Specializes in ORTHO, PCU, ED.

I can't understand a clinical instructor like you had in school who would not go with you to give a medication!! You said your clinical instructor was on call?? What does that mean? You weren't an RN yet. It was his/her fault!! When I was a student and the same goes for students that come for clinicals on the unit I work in, the instructor stays right by their side when giving meds and watches every move like a hawk.

BonnieSc

1 Article; 776 Posts

I'm not going to argue with how my post was perceived, but I will say that I was taking a particular angle for this audience of nurses, which wasn't to say how bad medication errors are; it was to say that they're common. The more open we are about medication errors, the more likely they are to be prevented. My purpose is to advocate for more openness.
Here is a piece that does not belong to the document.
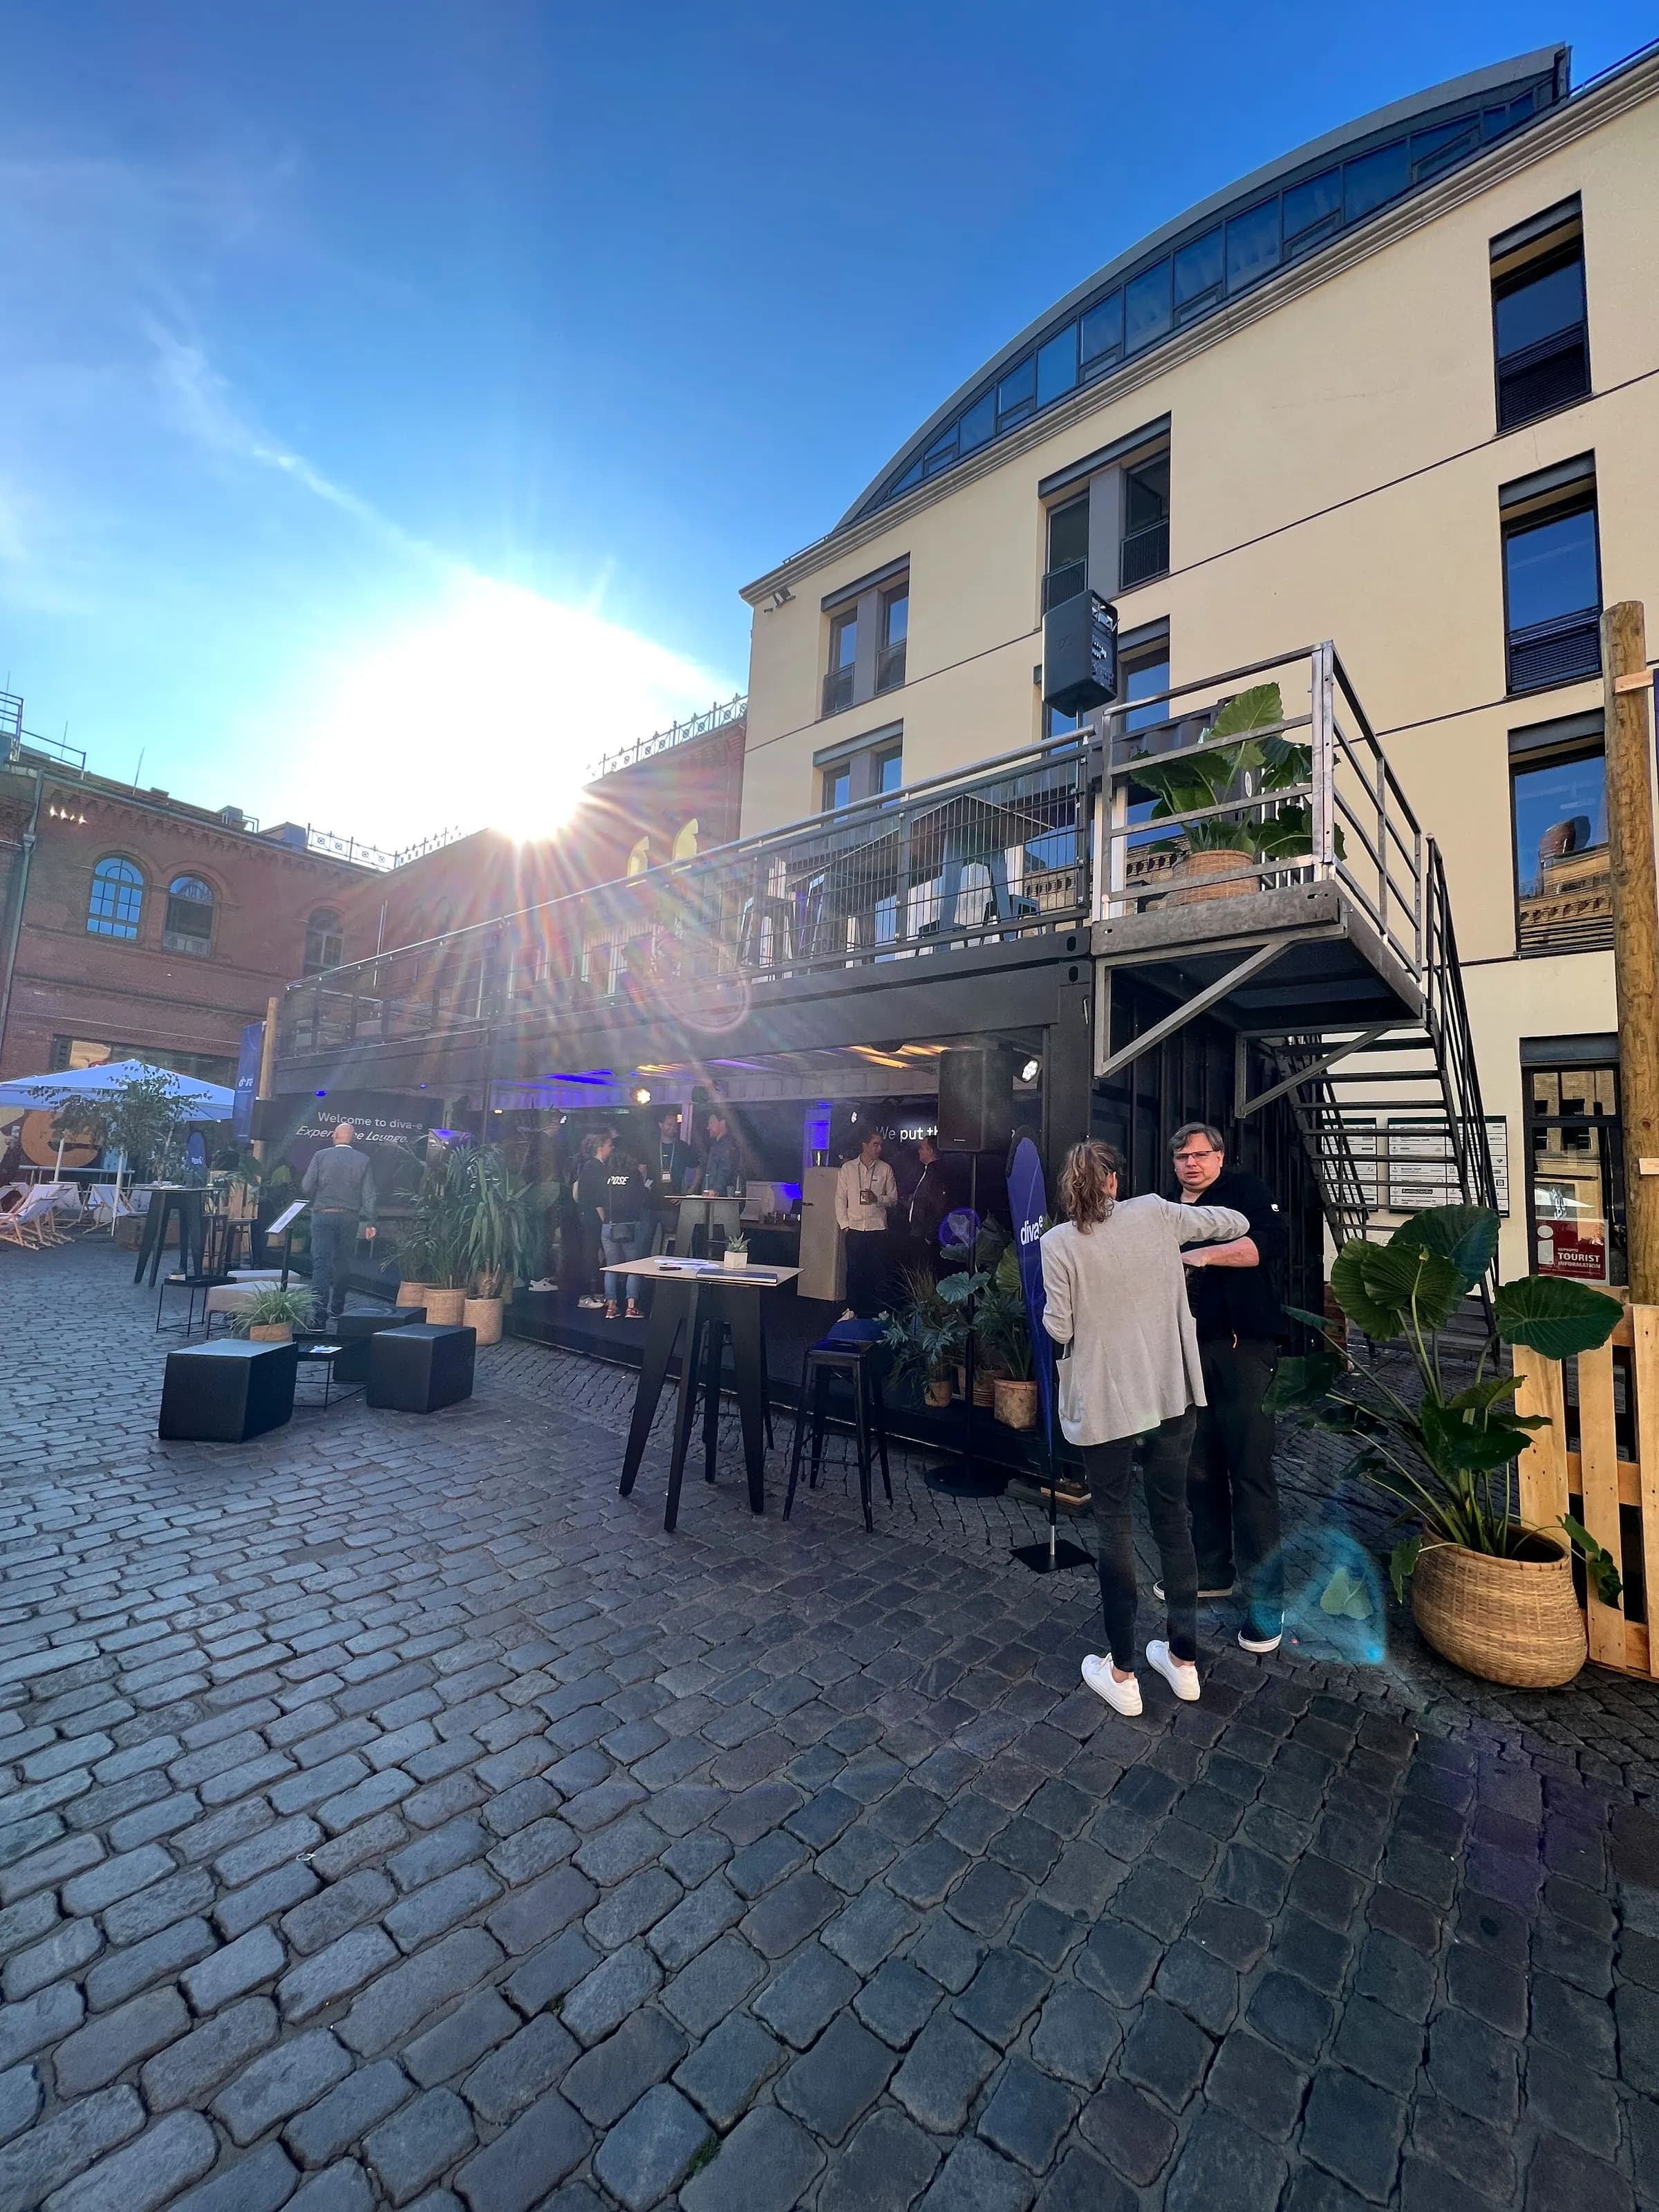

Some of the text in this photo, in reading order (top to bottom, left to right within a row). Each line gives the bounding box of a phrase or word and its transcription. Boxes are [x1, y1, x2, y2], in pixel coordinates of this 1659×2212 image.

[317, 1112, 423, 1130] Welcome to diva-e
[900, 1126, 924, 1143] put
[1557, 1252, 1601, 1262] TOURIST
[1557, 1261, 1601, 1269] INFORMATION
Re: the clinical instructor--practices are different for different schools/hospitals. My memory on this point is a bit vague, but I do think there was a point where the nurse I was working with was supposed to come with me or doublecheck the medication and didn't. Even if that was so, as far as I'm concerned the fault was mine, not hers--her responsibility was on her own conscience. I had been taught the proper procedure and didn't follow it. In that clinical placement, my group of ten people was spread throughout three units in the hospital, and there was no expectation (then or at any clinical placement I can remember) that the instructor checked our meds or was with us when we gave them. I have experienced that with students from other schools as a nurse, though.
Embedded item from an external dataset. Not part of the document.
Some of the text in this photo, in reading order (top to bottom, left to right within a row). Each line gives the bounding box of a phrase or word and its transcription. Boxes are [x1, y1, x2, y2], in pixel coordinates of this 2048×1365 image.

As for whether a student who makes a medication error should be suspended, I think absolutely not (barring extenuating circumstances; assuming it's a standard sort of error), any more than a nurse should be fired for making one. Medication errors are [supposed to be] reported anonymously for a reason--because they are system errors, or could possibly be prevented by a change in systems. Punitive reactions to medication errors only make nurses go into hiding when they make one.